🤖 AI Summary
Infrared small target detection (IRSTD) faces significant challenges in complex backgrounds due to the difficulty of distinguishing weak target signals from strong clutter. To address this, we propose a spatial–frequency collaborative modeling network: (1) Haar wavelet convolution is introduced to explicitly capture target energy characteristics in the frequency domain; (2) a shift-based spatial attention (SSA) mechanism enables low-complexity long-range dependency modeling; and (3) residual dual-channel attention (RDCA) adaptively suppresses background interference. Our approach is the first to deeply integrate interpretable frequency-domain priors with efficient attention mechanisms, substantially enhancing weak-target perception. Extensive experiments on mainstream benchmarks—including M3TD and IRSTD—demonstrate consistent improvements, achieving 3.2–5.7% gains in mean average precision (mAP). Notably, the method exhibits superior robustness under challenging conditions such as cloud cover and heavy noise.
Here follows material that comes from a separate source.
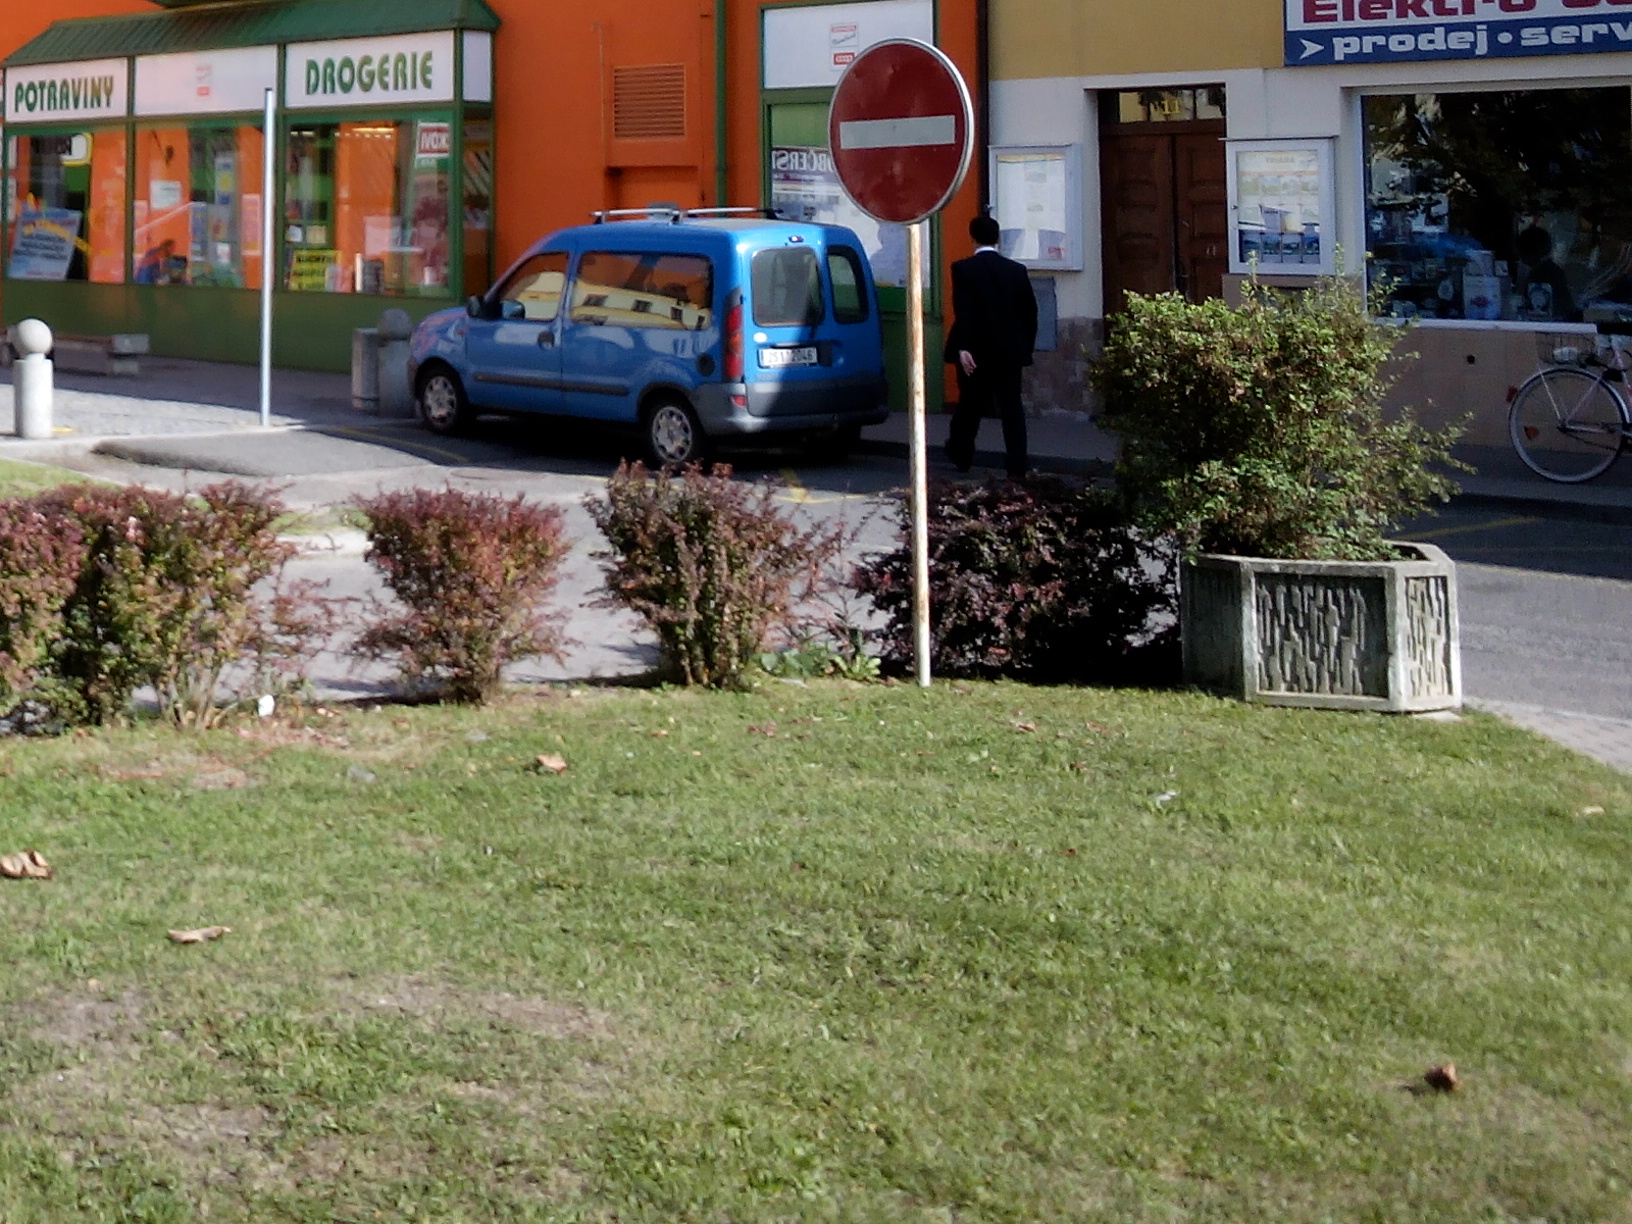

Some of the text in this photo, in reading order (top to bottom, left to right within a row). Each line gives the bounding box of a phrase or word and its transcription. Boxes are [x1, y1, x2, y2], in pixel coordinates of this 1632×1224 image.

[1331, 25, 1488, 61] prodej
[305, 51, 433, 95] DROGERIE
[14, 76, 114, 113] POTRAVINY
This work establishes a novel paradigm for real-time, high-precision IRSTD.
📝 Abstract
Infrared small target detection (IRSTD) is thus critical in both civilian and military applications. This study addresses the challenge of precisely IRSTD in complex backgrounds. Recent methods focus fundamental reliance on conventional convolution operations, which primarily capture local spatial patterns and struggle to distinguish the unique frequency-domain characteristics of small targets from intricate background clutter. To overcome these limitations, we proposed the Synergistic Wavelet-Attention Network (SWAN), a novel framework designed to perceive targets from both spatial and frequency domains. SWAN leverages a Haar Wavelet Convolution (HWConv) for a deep, cross-domain fusion of the frequency energy and spatial details of small target. Furthermore, a Shifted Spatial Attention (SSA) mechanism efficiently models long-range spatial dependencies with linear computational complexity, enhancing contextual awareness. Finally, a Residual Dual-Channel Attention (RDCA) module adaptively calibrates channel-wise feature responses to suppress background interference while amplifying target-pertinent signals. Extensive experiments on benchmark datasets demonstrate that SWAN surpasses existing state-of-the-art methods, showing significant improvements in detection accuracy and robustness, particularly in complex challenging scenarios.